◆ DIRECTIONS: Once you find the line with "this 2048×1366 image.", copy it and every line after it through the end of the entries below, exactly as written.

- - - -

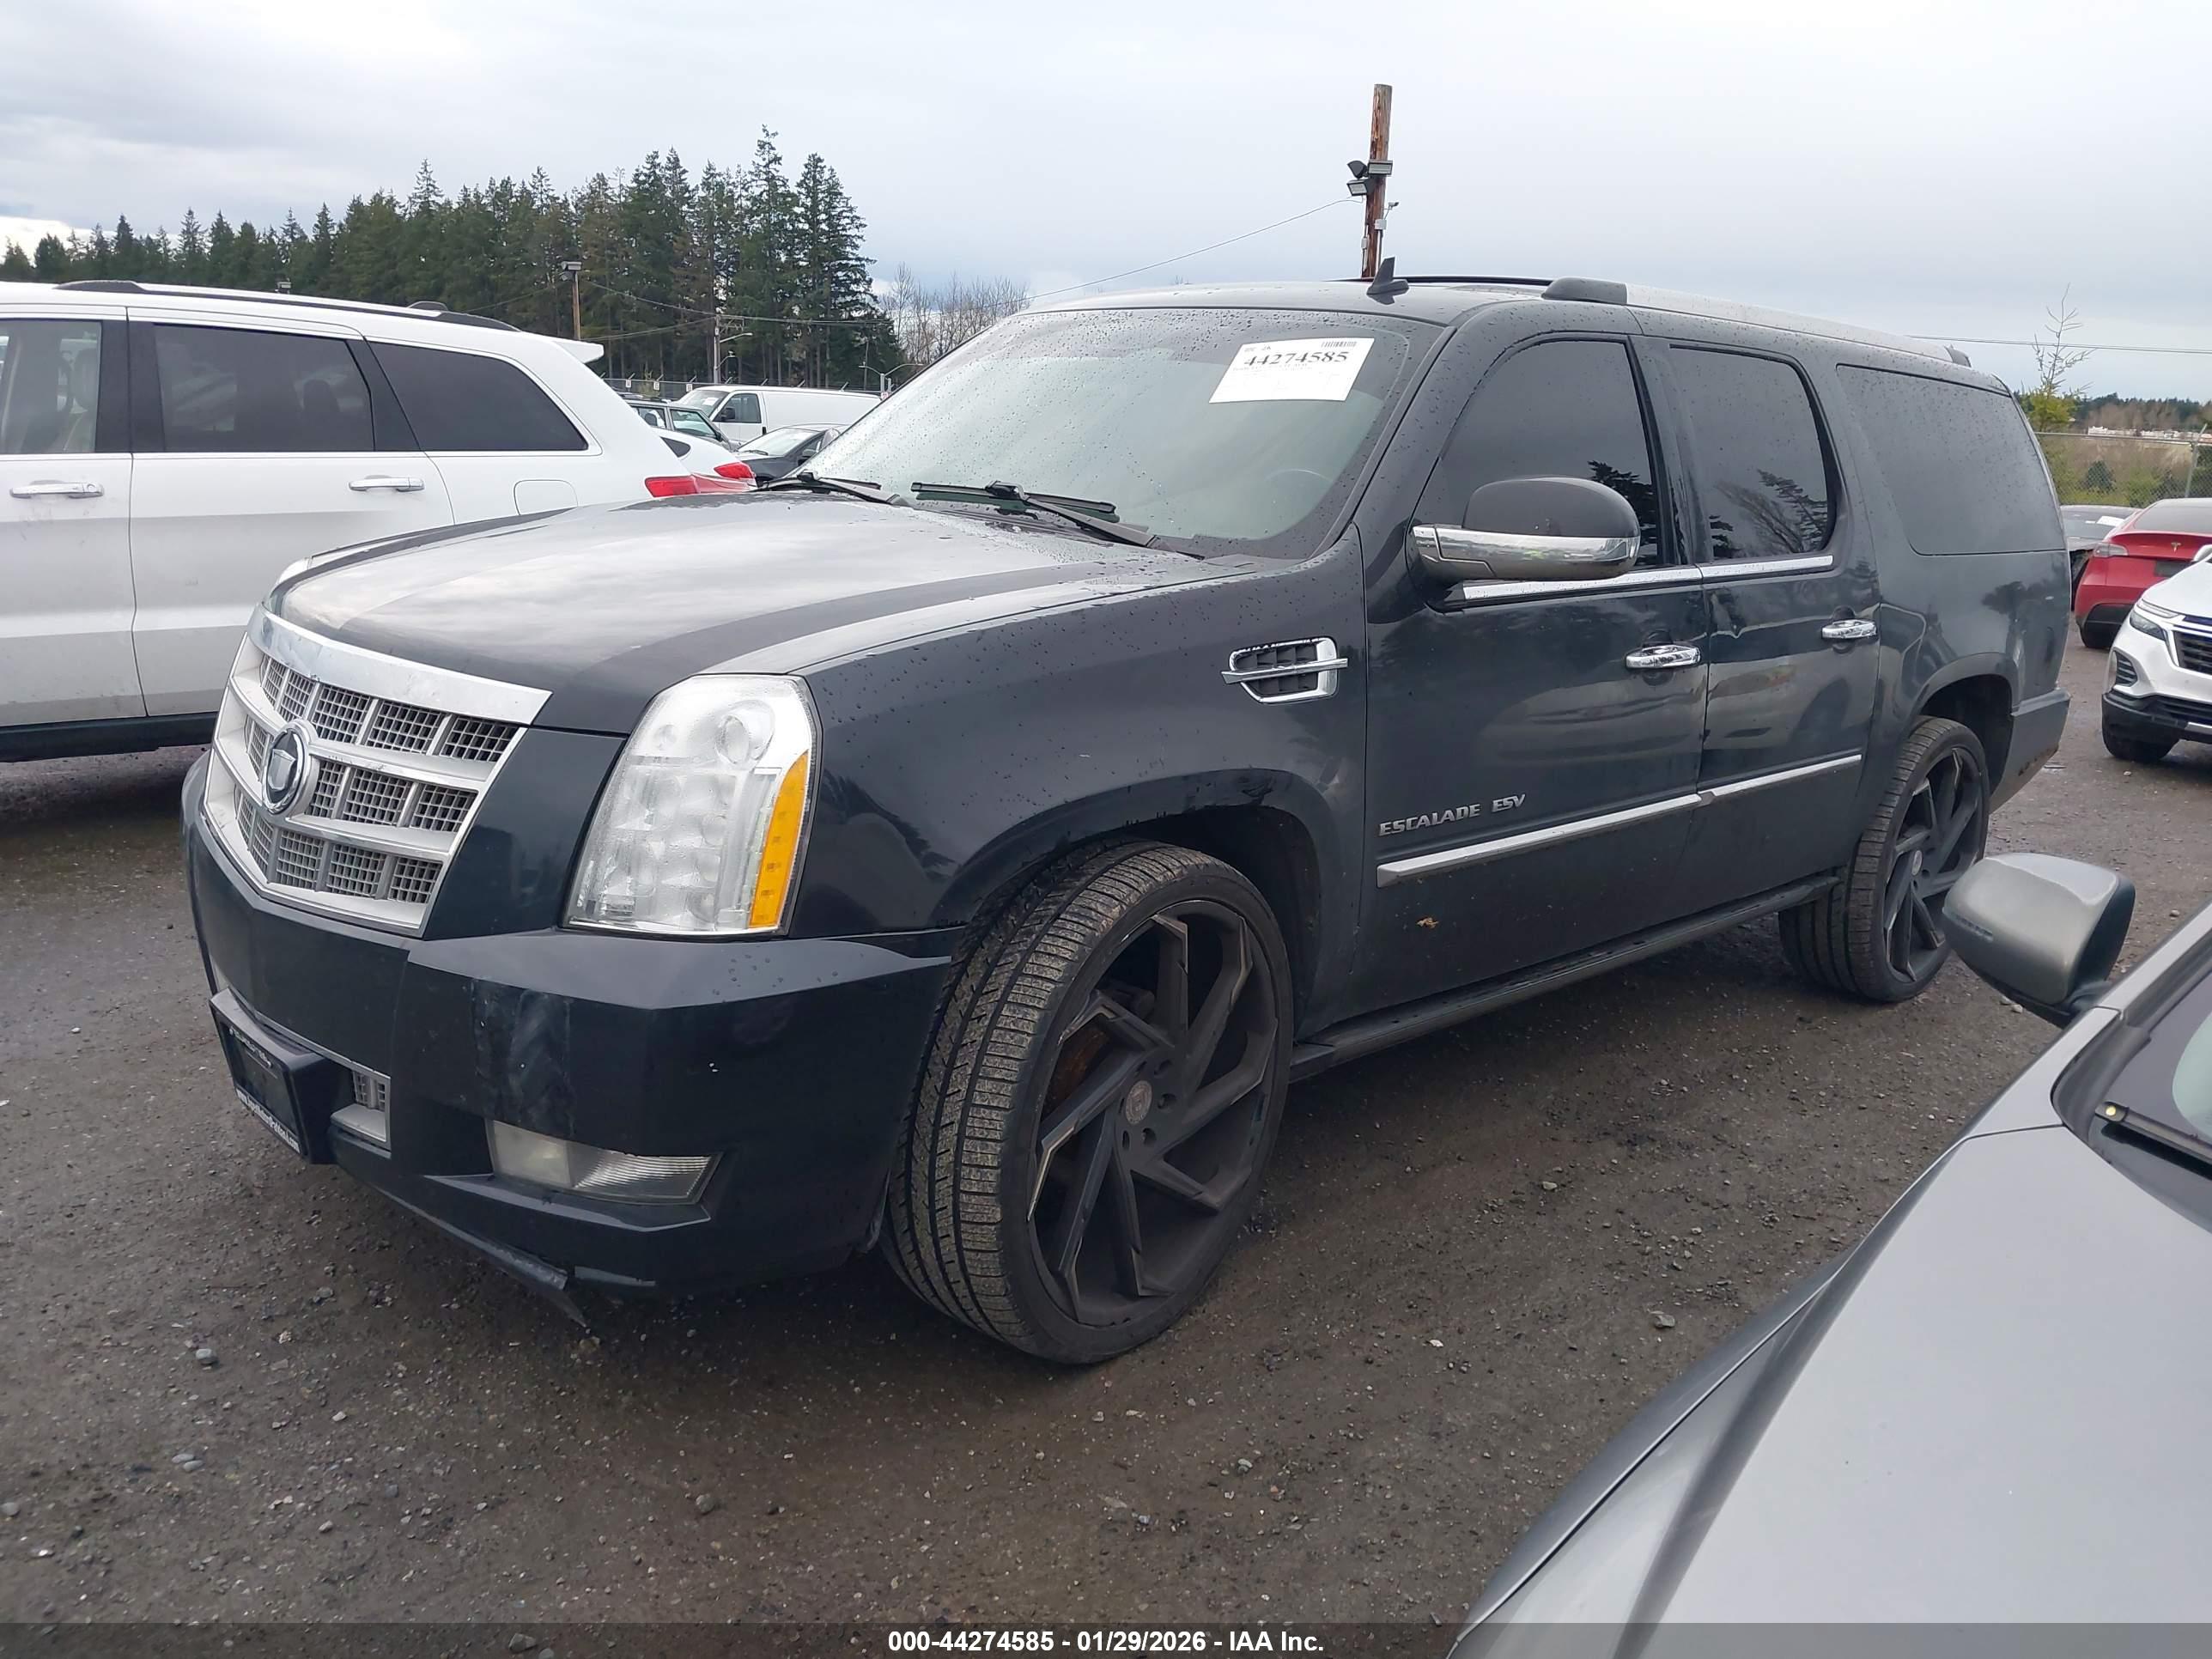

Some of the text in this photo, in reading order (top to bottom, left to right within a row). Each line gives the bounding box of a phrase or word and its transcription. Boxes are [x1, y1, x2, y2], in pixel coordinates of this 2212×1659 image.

[1244, 351, 1349, 367] 44274585
[1379, 793, 1526, 836] ESCALADE ESV
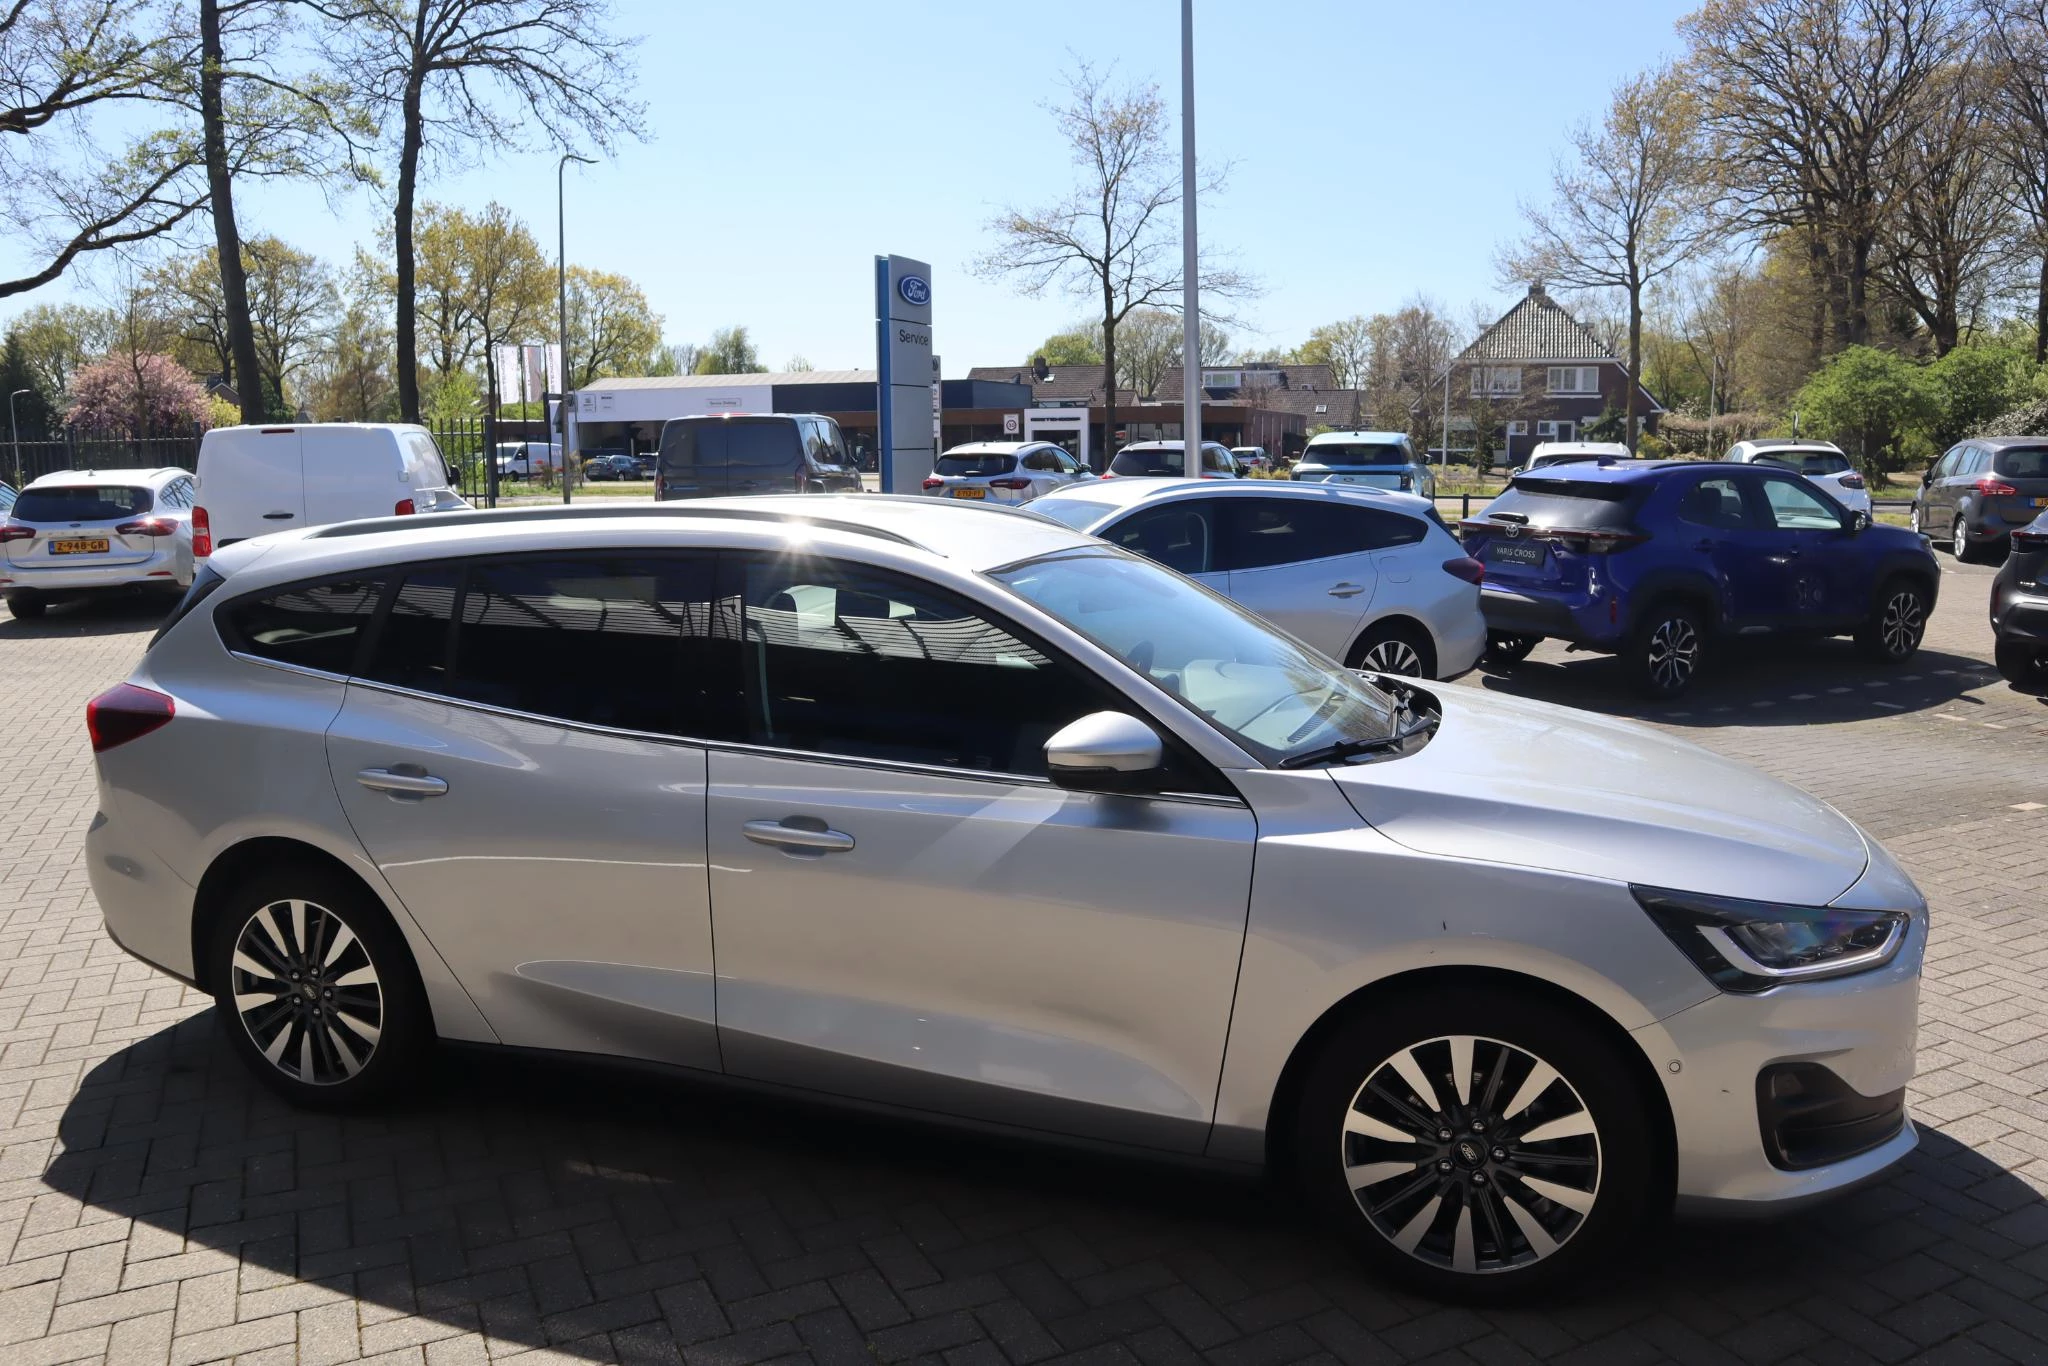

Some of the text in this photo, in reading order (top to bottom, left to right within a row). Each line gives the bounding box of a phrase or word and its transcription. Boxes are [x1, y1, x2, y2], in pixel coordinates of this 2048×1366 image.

[899, 328, 929, 346] Service
[1496, 547, 1536, 559] YARIS CROSS

- - - -

◆ OUTPUT BELOW:
Some of the text in this photo, in reading order (top to bottom, left to right within a row). Each line gives the bounding box of a phrase or word and its transcription. Boxes are [x1, y1, x2, y2], in pixel coordinates of this 2048×1366 image.

[899, 328, 929, 346] Service
[1496, 547, 1536, 559] YARIS CROSS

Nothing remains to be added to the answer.